On the day California’s “compassionate care” law takes effect, the team behind WAMM — the world’s oldest medical cannabis collective— will return with a new mission to provide free and low-cost medical cannabis to low-income patients in need.
On January 1, 2018 California’s first licensed recreational cannabis stores opened for business. On the very same day, the state’s oldest and most respected medical cannabis collective shut its doors.
Founded in 1993 by Valerie and Mike Corral, WAMM was forced for the first time to stop serving its members with community supported health care, including providing free or sliding scale cannabis to low-income patients with cancer, AIDs, MS, epilepsy and other life threatening conditions.
That’s because when California lawmakers wrote the rules for the implementation of recreational cannabis, they made no provisions for “compassionate care,” effectively halting WAMM’s services. Faced with exorbitant new taxes, even on cannabis provided for free to its neediest members, WAMM’s model became financially unfeasible.
“It’s darkly ironic that after being at the forefront of the cannabis movement for decades, including facing a DEA raid in 2002 and the threat of life in prison, it was legalization that closed WAMM’s doors,” says WAMM co-founder Valerie Corral. “But we never stopped pushing back—along with our many allies in the community.

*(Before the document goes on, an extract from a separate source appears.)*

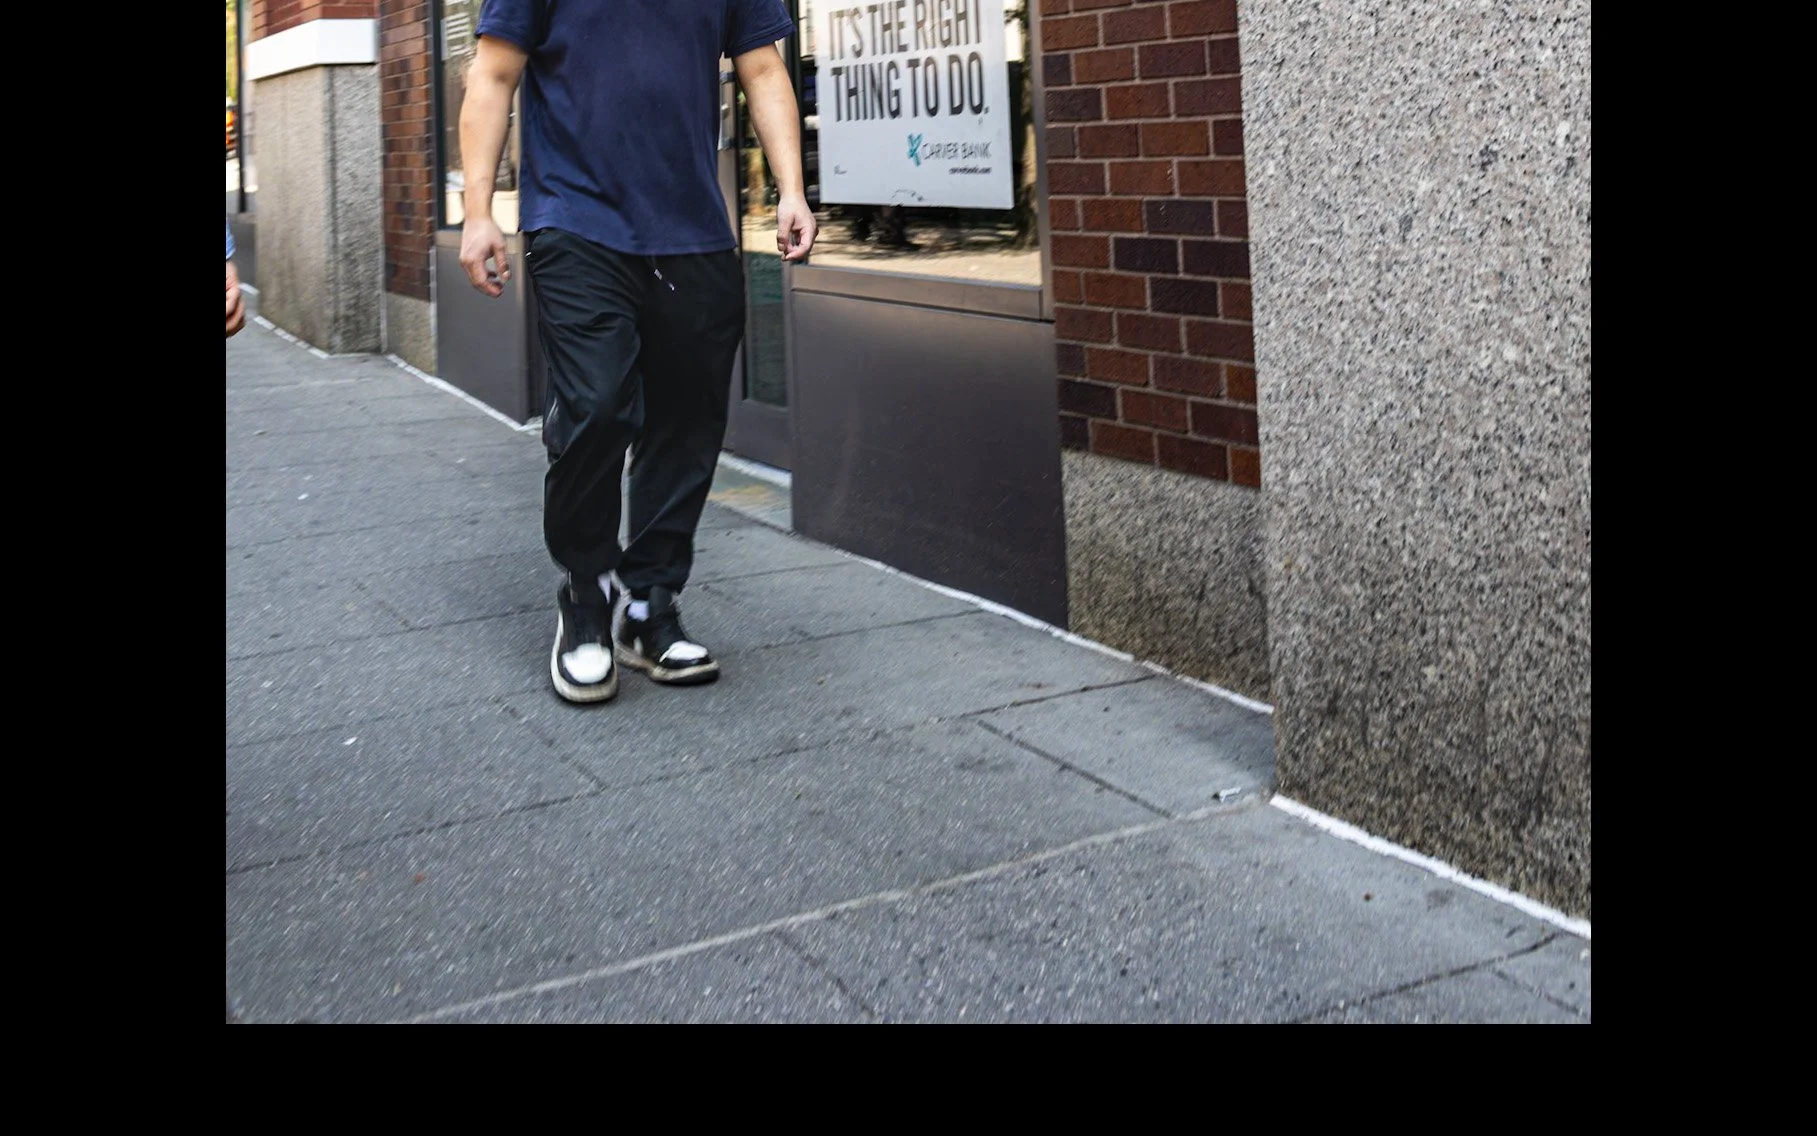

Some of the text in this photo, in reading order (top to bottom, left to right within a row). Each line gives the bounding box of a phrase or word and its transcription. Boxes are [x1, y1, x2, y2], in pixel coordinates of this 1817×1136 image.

[828, 7, 863, 60] IT'S
[831, 51, 989, 121] THING TO DO.
[922, 141, 992, 160] CARVER BANK

And now that the laws have changed to once again allow compassionate giving, we’re pioneering a new, holistic way to offer phytotherapeutic and alternative care.”
On March 1st, SB 34, The Dennis Peron and Brownie Mary Act—signed into law by Governor Newsom—will take effect, restoring the ability of legal cannabis suppliers to provide free cannabis to those otherwise unable to afford it without paying taxes on that cannabis as if it was sold at market rate.
Valerie Corral will mark the occasion by officially launching WAMM Phytotherapies, which will begin operating regularly in Santa Cruz at KindPeoples, a state-licensed dispensary, which has generously donated the use of their space and infrastructure as WAMM Phytotherapies transitions into a new home so that eligible patients can receive their medicine in a safe and accessible location in the heart of the city.
“We’re so proud to be working with Valerie and to help provide this vital service to the Santa Cruz community,” says Khalil Moutawakkil, CEO and Co-Founder of KindPeoples, which started as a medical cannabis collective when it was founded in 2014. “Thanks to this new legislation we can get back to our roots and together we can build a model for compassionate care that other cities and counties will want to follow.”
For WAMM Phytotherapies, holding regular meetups marks a first step towards reemerging at a new, permanent location in Santa Cruz, where they will provide not just cannabis, but also access to alternative therapies and a shared space for community meetings and events focused on healing and mutual support. They are currently raising funds towards the opening of WAMM Phytotherapies WellBeing Community Center.